**YOUR INSTRUCTIONS**
A verbatim transcript of the data that follows, free of images, is the expected result.

[Collected data]
BEGIN

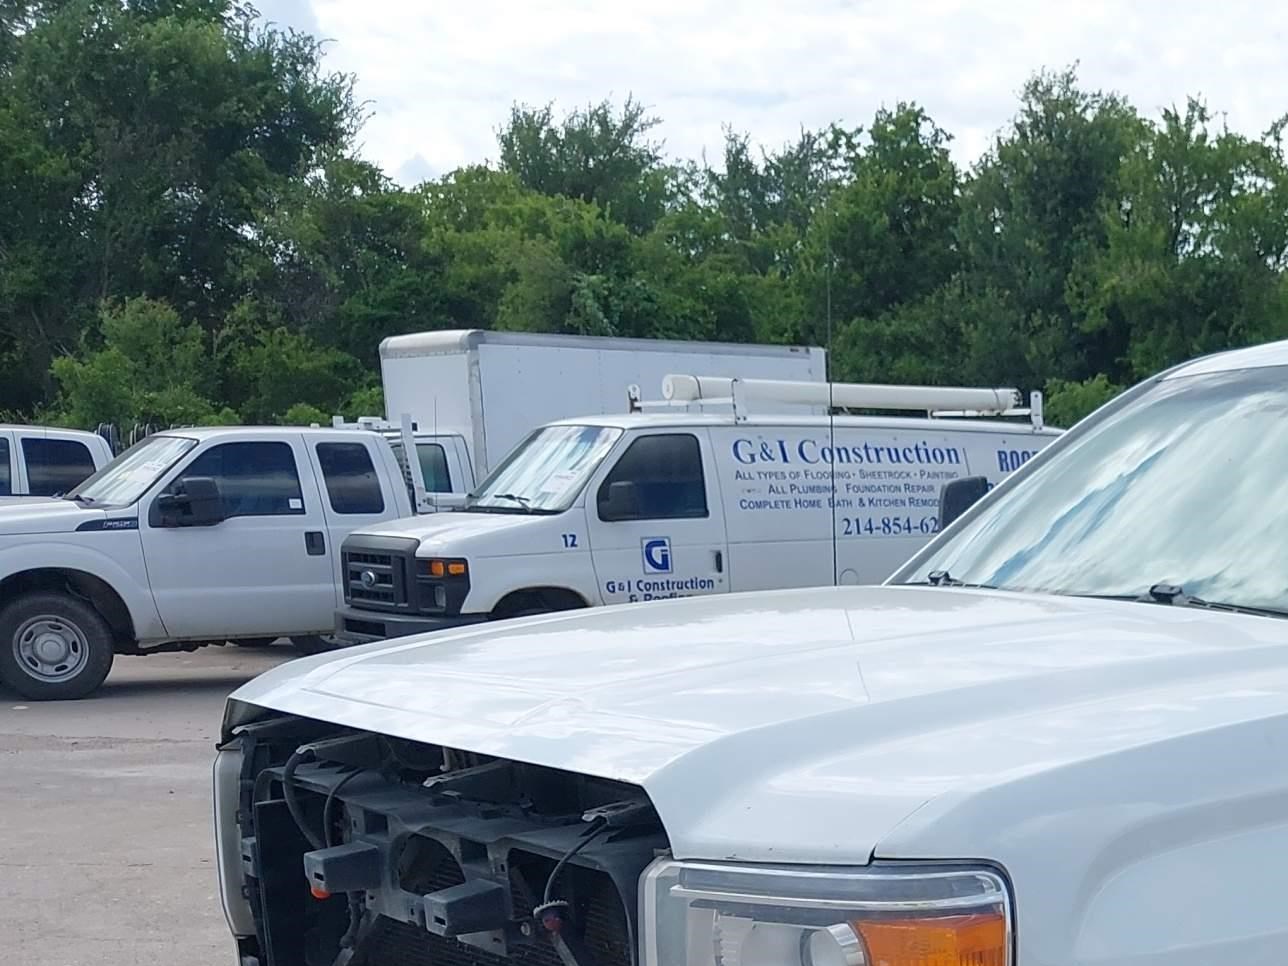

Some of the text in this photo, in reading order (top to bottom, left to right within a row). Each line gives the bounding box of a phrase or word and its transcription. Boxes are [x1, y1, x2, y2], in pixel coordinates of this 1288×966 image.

[797, 439, 960, 464] Construction
[997, 449, 1039, 472] ROO
[735, 470, 754, 480] ALL
[859, 469, 912, 480] SHEETROCK
[768, 484, 786, 494] ALL
[845, 483, 901, 494] FOUNDATION
[903, 483, 935, 494] REPAIR
[739, 499, 792, 510] COMPLETE
[795, 498, 822, 509] HOME
[868, 497, 906, 508] KITCHEN
[562, 534, 578, 548] 12
[636, 577, 715, 592] Construction
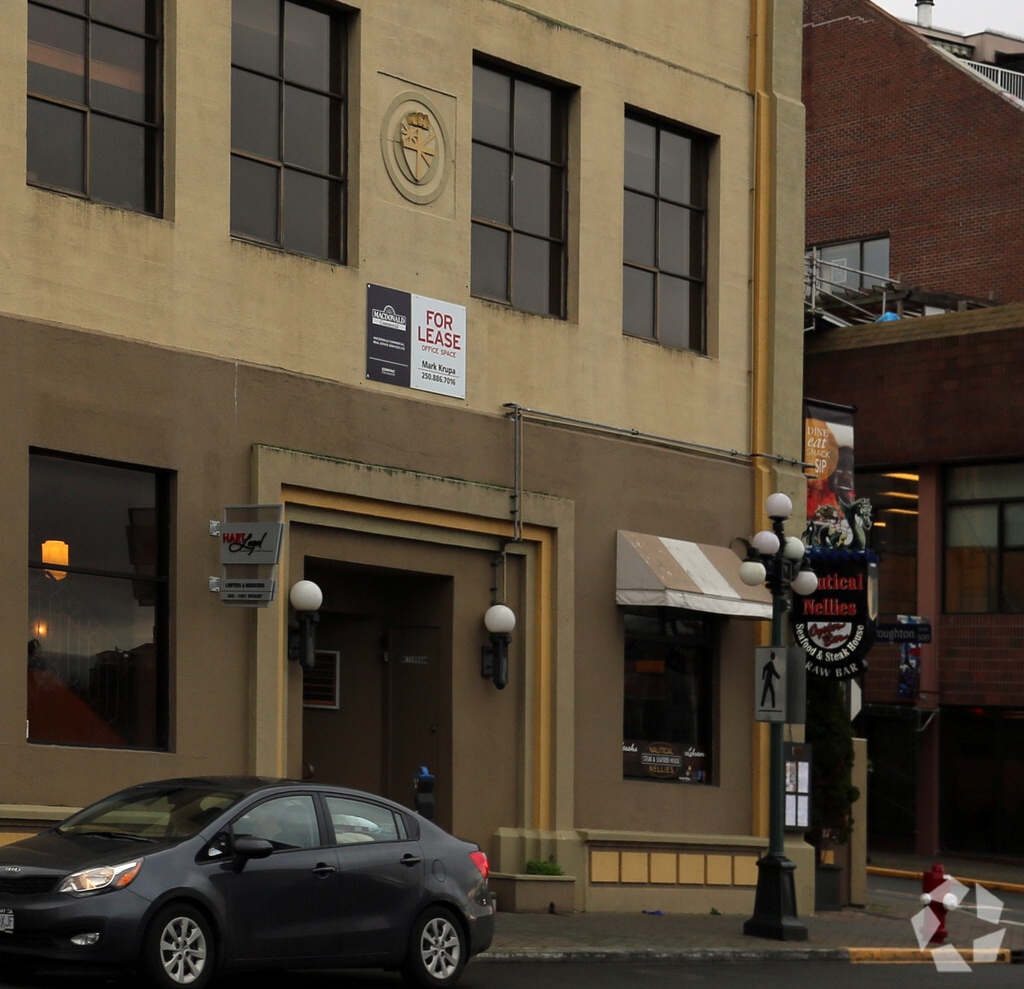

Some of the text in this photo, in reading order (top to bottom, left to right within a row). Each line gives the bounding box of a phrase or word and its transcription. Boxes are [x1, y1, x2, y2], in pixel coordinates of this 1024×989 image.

[426, 310, 453, 330] FOR
[418, 326, 461, 350] LEASE
[422, 345, 456, 358] OFFICE SPACE
[421, 360, 456, 375] Mark Krupa
[807, 437, 827, 449] eat
[815, 458, 827, 474] SIP
[222, 532, 246, 543] HART
[228, 531, 267, 556] Legal
[803, 598, 857, 616] Nellies
[796, 623, 865, 662] Seafood & Steak House
[805, 660, 859, 678] RAW BAR

END

**TASK SOLUTION**
Some of the text in this photo, in reading order (top to bottom, left to right within a row). Each line gives the bounding box of a phrase or word and its transcription. Boxes are [x1, y1, x2, y2], in pixel coordinates of this 1288×966 image.

[797, 439, 960, 464] Construction
[997, 449, 1039, 472] ROO
[735, 470, 754, 480] ALL
[859, 469, 912, 480] SHEETROCK
[768, 484, 786, 494] ALL
[845, 483, 901, 494] FOUNDATION
[903, 483, 935, 494] REPAIR
[739, 499, 792, 510] COMPLETE
[795, 498, 822, 509] HOME
[868, 497, 906, 508] KITCHEN
[562, 534, 578, 548] 12
[636, 577, 715, 592] Construction

Some of the text in this photo, in reading order (top to bottom, left to right within a row). Each line gives the bounding box of a phrase or word and its transcription. Boxes are [x1, y1, x2, y2], in pixel coordinates of this 1024×989 image.

[426, 310, 453, 330] FOR
[418, 326, 461, 350] LEASE
[422, 345, 456, 358] OFFICE SPACE
[421, 360, 456, 375] Mark Krupa
[807, 437, 827, 449] eat
[815, 458, 827, 474] SIP
[222, 532, 246, 543] HART
[228, 531, 267, 556] Legal
[803, 598, 857, 616] Nellies
[796, 623, 865, 662] Seafood & Steak House
[805, 660, 859, 678] RAW BAR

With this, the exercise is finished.